__Activity__
Reproduce the records below exactly as they appear, omitting any pictures they contain.

__Spatial localization data__
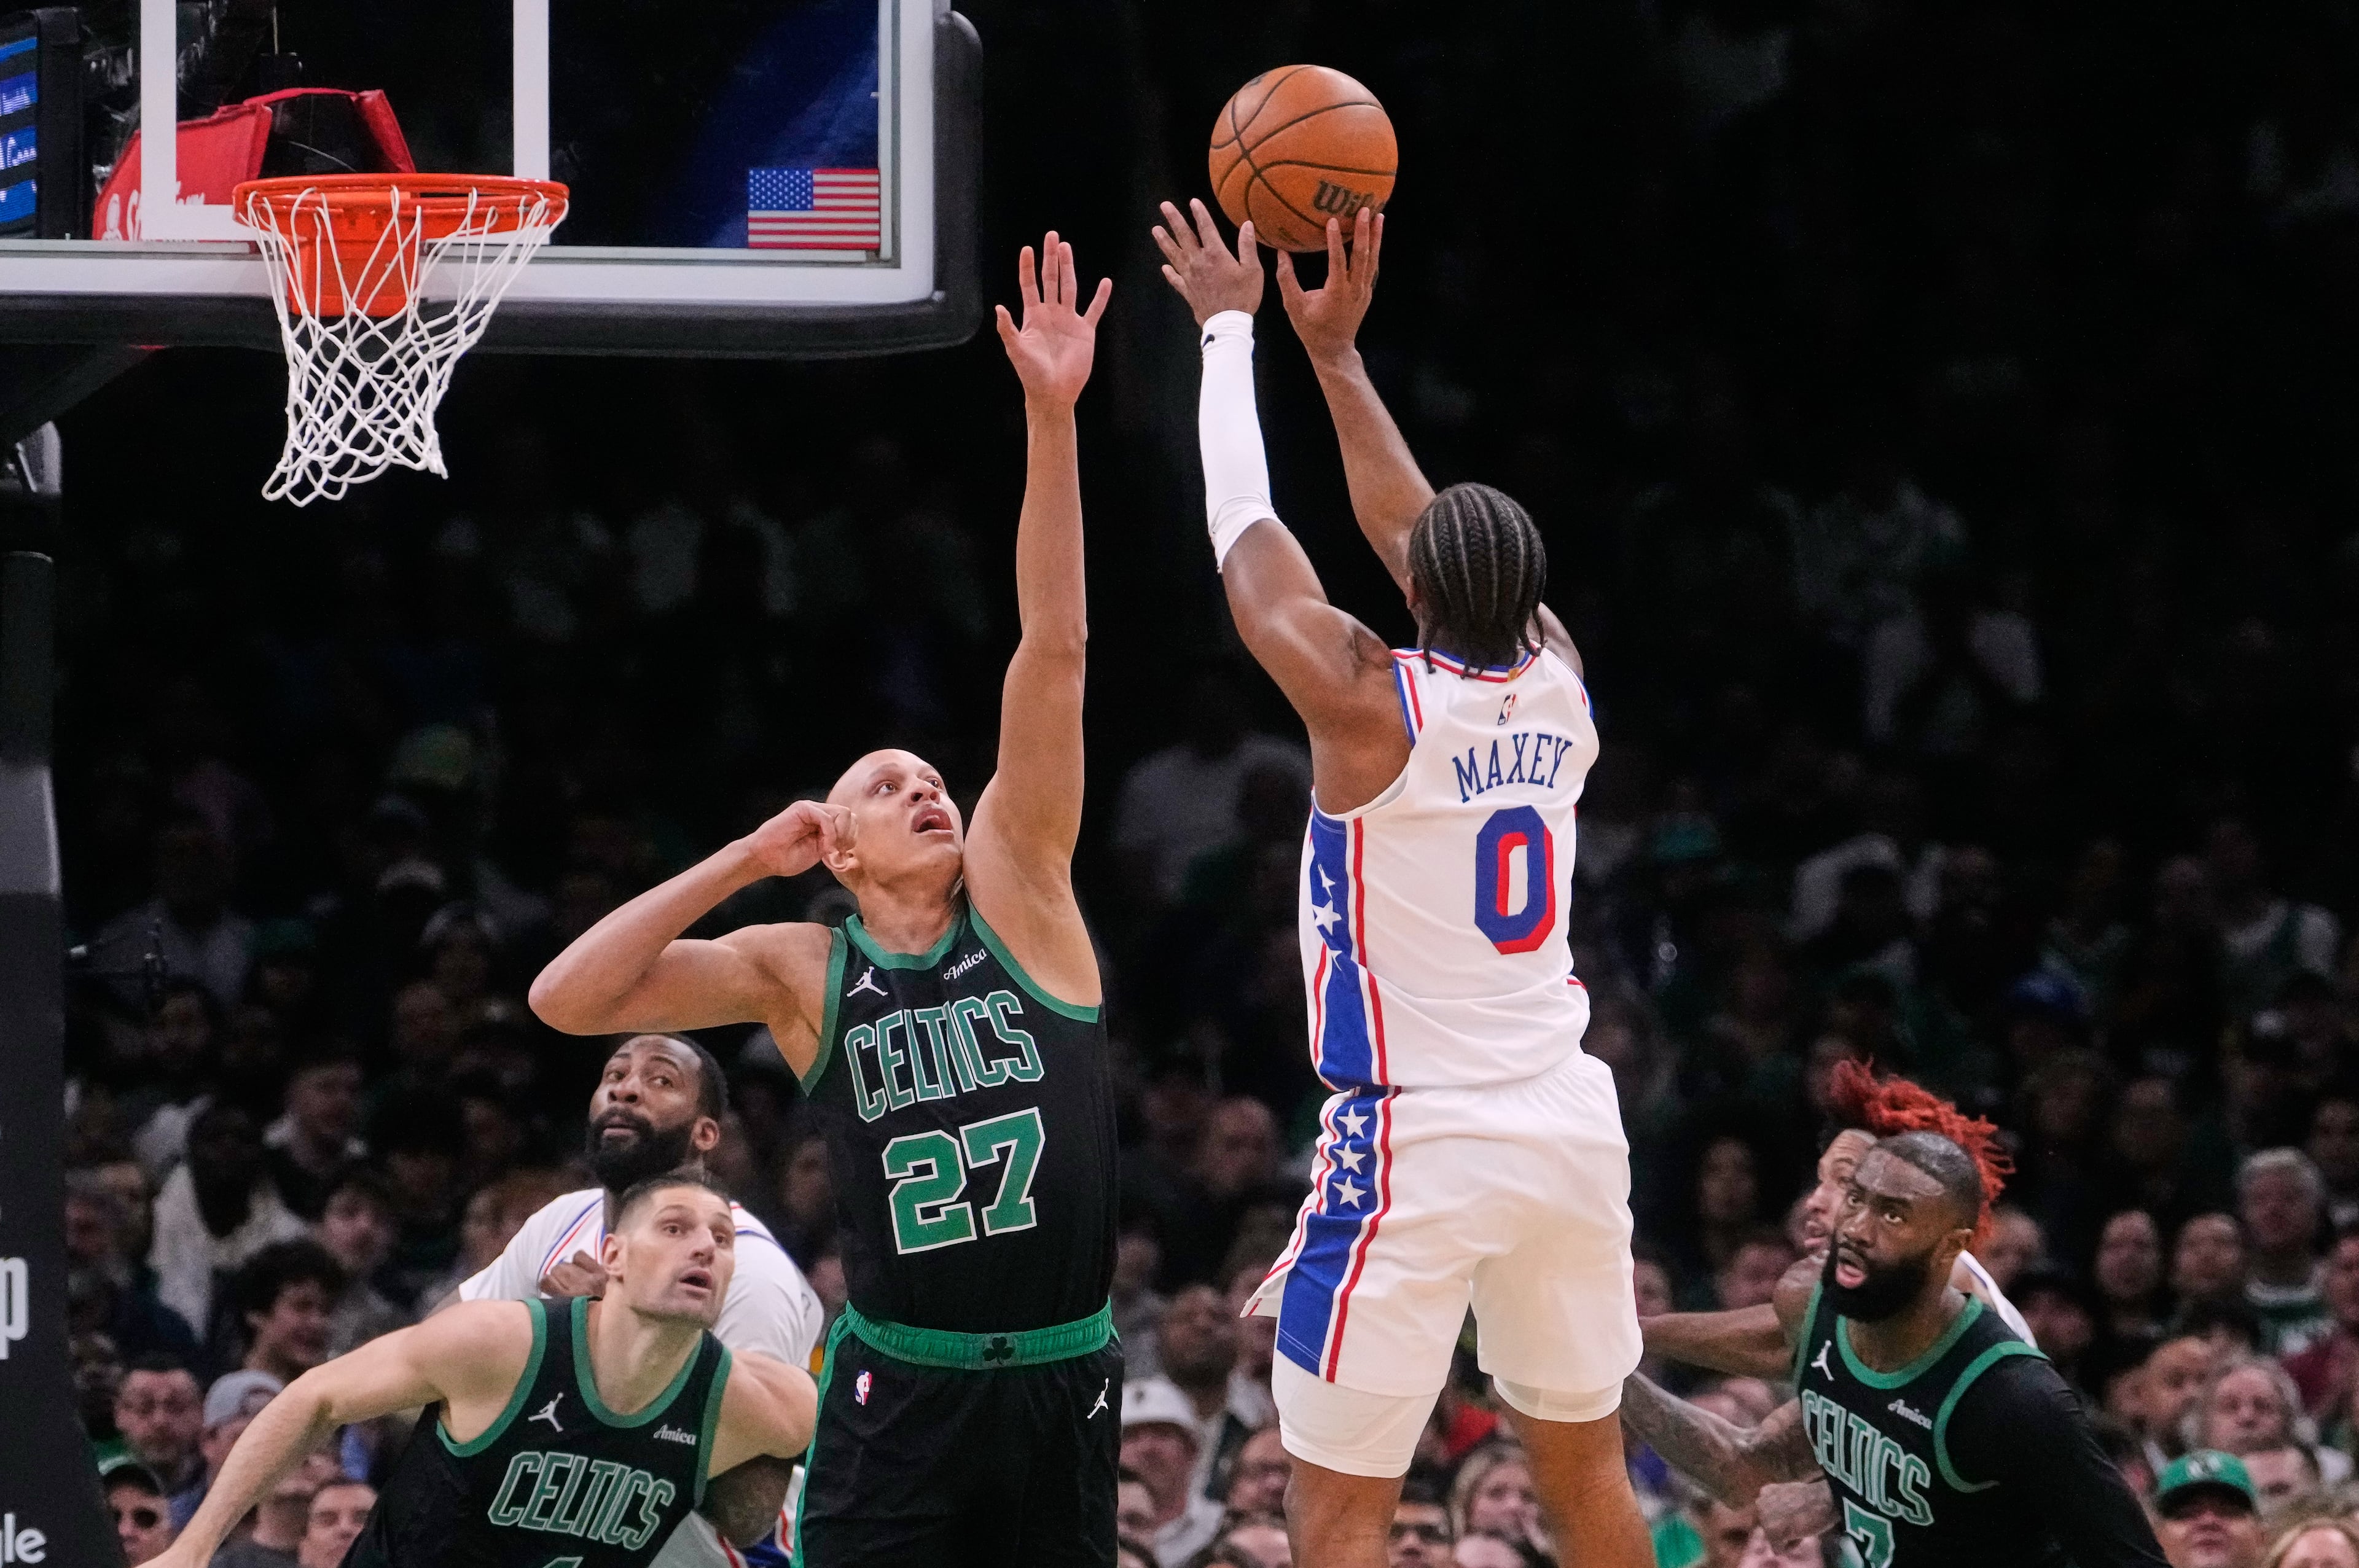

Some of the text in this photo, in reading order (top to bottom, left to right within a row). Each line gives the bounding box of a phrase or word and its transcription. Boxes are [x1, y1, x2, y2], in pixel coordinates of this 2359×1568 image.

[1313, 179, 1386, 218] Wil
[1452, 733, 1573, 803] MAXEY
[1474, 805, 1555, 954] 0
[943, 948, 987, 980] Amica
[844, 989, 1044, 1123] CELTICS
[882, 1106, 1046, 1255] 27
[653, 1424, 697, 1446] Amica
[1802, 1389, 1935, 1526] CELTICS
[487, 1451, 676, 1550] CELTICS

__Answer area__
Some of the text in this photo, in reading order (top to bottom, left to right within a row). Each line gives the bounding box of a phrase or word and its transcription. Boxes are [x1, y1, x2, y2], in pixel coordinates of this 2359×1568 image.

[1313, 179, 1386, 218] Wil
[1452, 733, 1573, 803] MAXEY
[1474, 805, 1555, 954] 0
[943, 948, 987, 980] Amica
[844, 989, 1044, 1123] CELTICS
[882, 1106, 1046, 1255] 27
[653, 1424, 697, 1446] Amica
[1802, 1389, 1935, 1526] CELTICS
[487, 1451, 676, 1550] CELTICS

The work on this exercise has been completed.